Un astronaute japonais sera donc le premier non-Américain à fouler le sol lunaire dans le cadre du projet Artemis. D'abord, c'est une ouverture qu'il convient de saluer, car jusqu'à une déclaration de la vice-présidente américaine Kamala Harris en décembre dernier, il n'était pas acté que la NASA emmènerait ses partenaires internationaux sur la surface lunaire. Ensuite, il faut comprendre que cet accord est conditionnel.

Ce n'est pas gratuit

En effet, il ne s'agit pas que d'une bonne entente internationale entre partenaires japonais et américains. Si le contexte de la région Asie-Pacifique y est favorable (pivot américain, accords de défense AUKUS) et permet un appui politique, il s'agit bien d'un échange. Ces places pour des astronautes japonais, la JAXA les a négociées en échange de l'apport d'un grand véhicule lunaire pressurisé, véritable base mobile, sur laquelle les équipes japonaises travaillent en amont depuis plusieurs années.

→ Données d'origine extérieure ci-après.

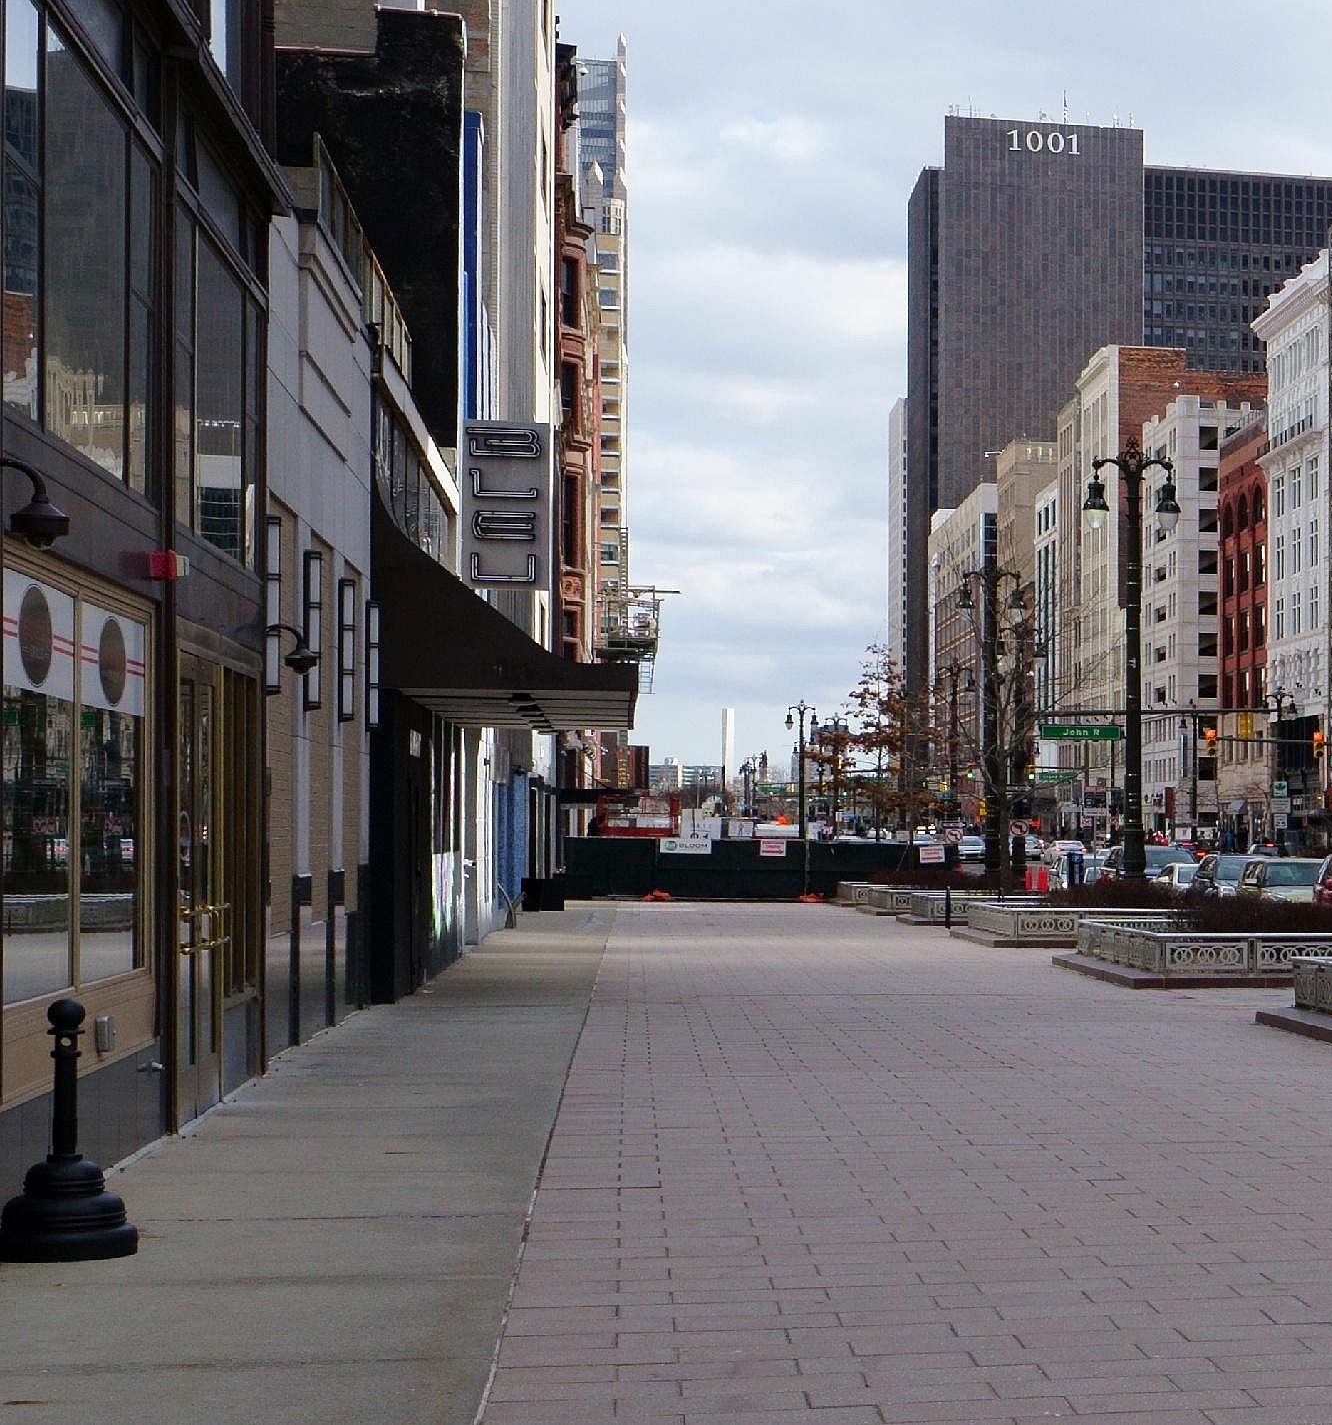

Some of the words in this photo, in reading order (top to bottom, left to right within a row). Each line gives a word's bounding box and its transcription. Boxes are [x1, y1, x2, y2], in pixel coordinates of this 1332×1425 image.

[1006, 129, 1081, 155] 1001
[466, 427, 541, 583] BLEU
[1063, 728, 1089, 736] John
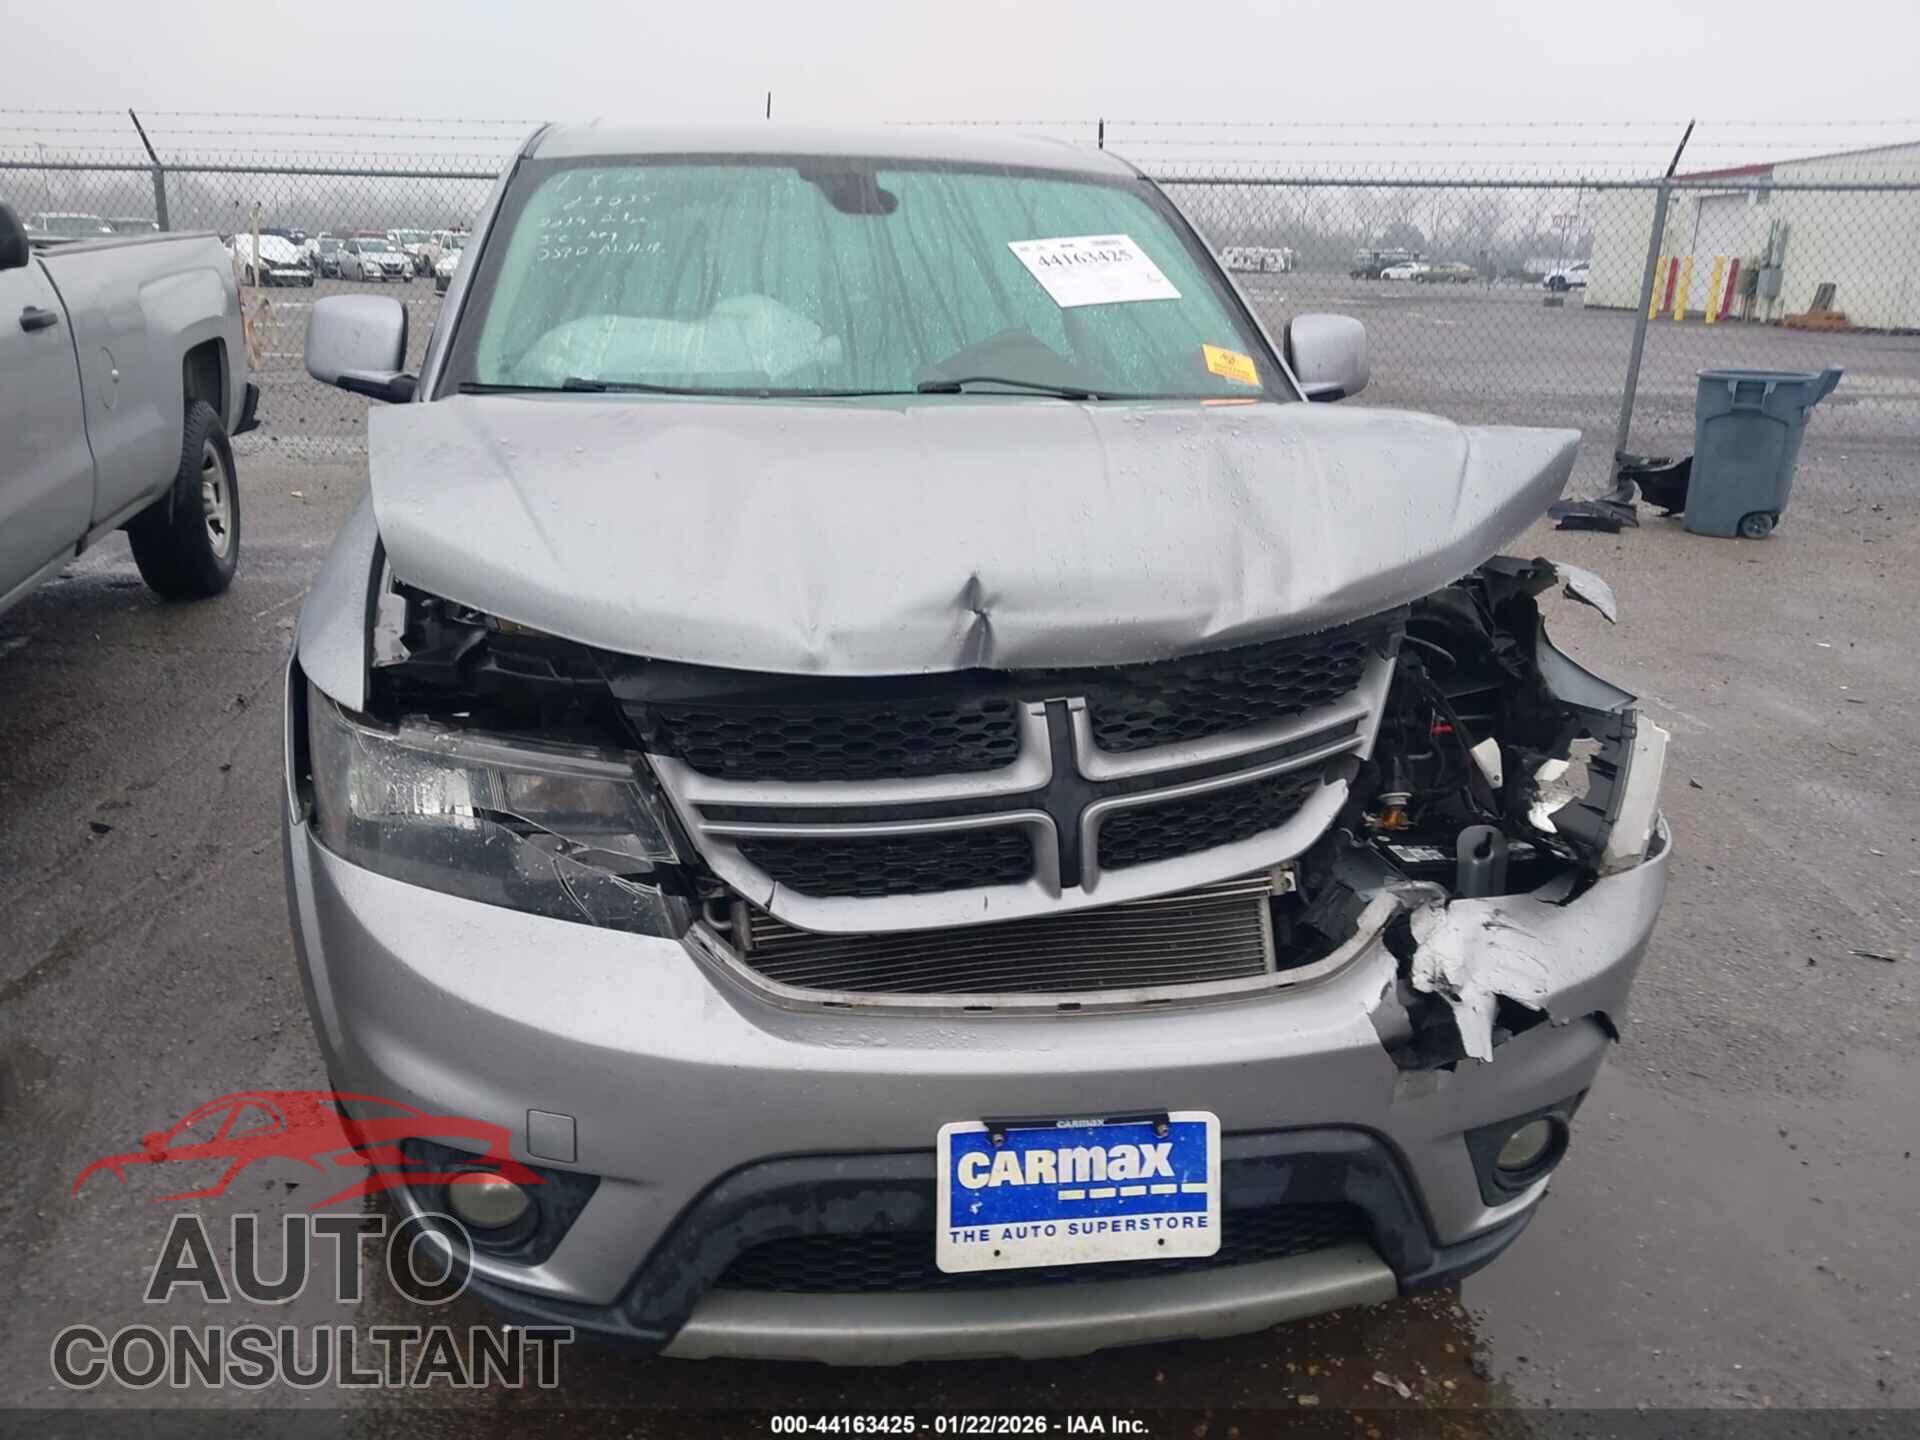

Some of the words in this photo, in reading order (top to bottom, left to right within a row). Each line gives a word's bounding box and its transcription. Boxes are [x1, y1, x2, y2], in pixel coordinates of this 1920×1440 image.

[957, 1142, 1175, 1190] CARmax
[950, 1229, 991, 1244] THE
[1002, 1223, 1057, 1241] AUTO
[1068, 1215, 1209, 1236] SUPERSTORE

Baptisé « Lunar Cruiser » et développé sur une base publique-privée avec Toyota, il est question de ce véhicule depuis 2020, mais il s'agissait alors d'un concept dont le design n'était pas figé, tout comme les contours exacts du projet. Désormais, la JAXA s'est engagée à livrer cet imposant véhicule pour qu'il soit envoyé sur la surface lunaire d'ici 2031 au plus tôt, entre les missions Artemis VI et VII.

L'administrateur de la NASA devant la maquette de rover pressurisé japonais © NASA
L'administrateur de la NASA devant la maquette de rover pressurisé japonais © NASA

Le Lunar Cruiser devra, comme ses cousins plus petits récemment financés par la NASA (les LTV, pour Lunar Terrain Vehicle), être pilotable depuis la Terre ou la Lune, offrir un sas, accueillir deux astronautes pour des durées allant jusqu'à 30 jours et fonctionner sur la Lune environ 10 ans. Il s'agit ni plus ni moins du véhicule d'exploration à roues le plus grand et le plus ambitieux de toute l'histoire spatiale !

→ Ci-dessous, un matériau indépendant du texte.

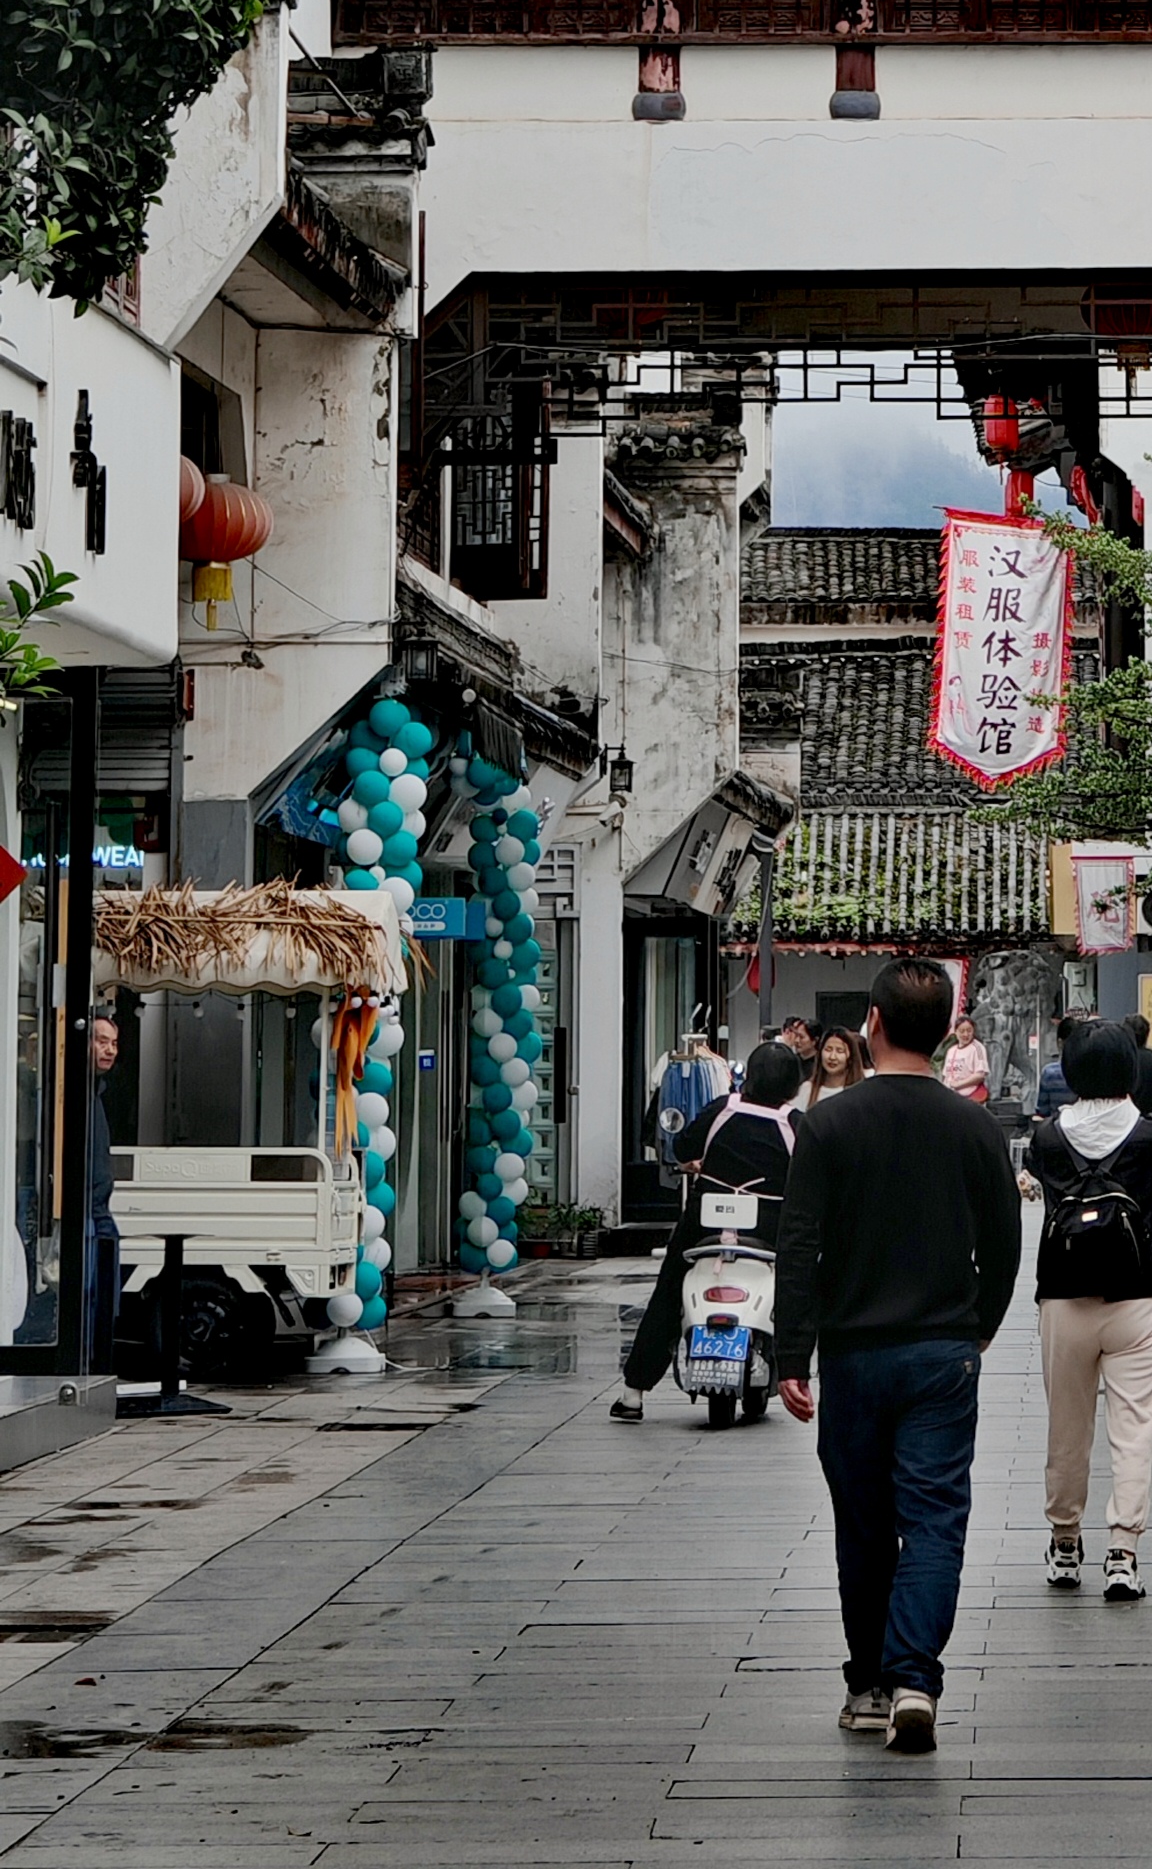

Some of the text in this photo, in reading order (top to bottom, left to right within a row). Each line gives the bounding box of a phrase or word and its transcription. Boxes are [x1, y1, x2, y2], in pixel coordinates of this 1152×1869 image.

[954, 549, 980, 650] 服装租赁
[975, 545, 1029, 756] 汉服体验馆
[693, 1340, 744, 1358] 46276

Pourtant, ce n'est pas qu'une annonce. Dans le cadre de l'accord du 10 avril, l'envoi d'un astronaute japonais sur la surface lunaire est bel et bien conditionné à l'avancée des travaux sur le rover. Si tout se passe bien, cet astronaute fera partie de la mission Artemis IV, pour l'instant envisagée en 2028-2029. Calendrier qu'il faut évidemment prendre avec des pincettes…

Des remous logiques en Europe

En Europe, cette décision de la NASA a fait beaucoup de bruit. Et en effet, en mettant de côté cet impressionnant Lunar Cruiser, l'ESA en fait sur le plan comptable bien plus que son homologue japonaise au service du programme Artemis. L'Europe spatiale fournit le module de service de toutes les capsules Orion, et elle s'est aussi lourdement investie dans la future station en orbite lunaire, la Gateway. Alors, comment comprendre que ce soit un Japonais qui foulera la Lune avant un Européen ?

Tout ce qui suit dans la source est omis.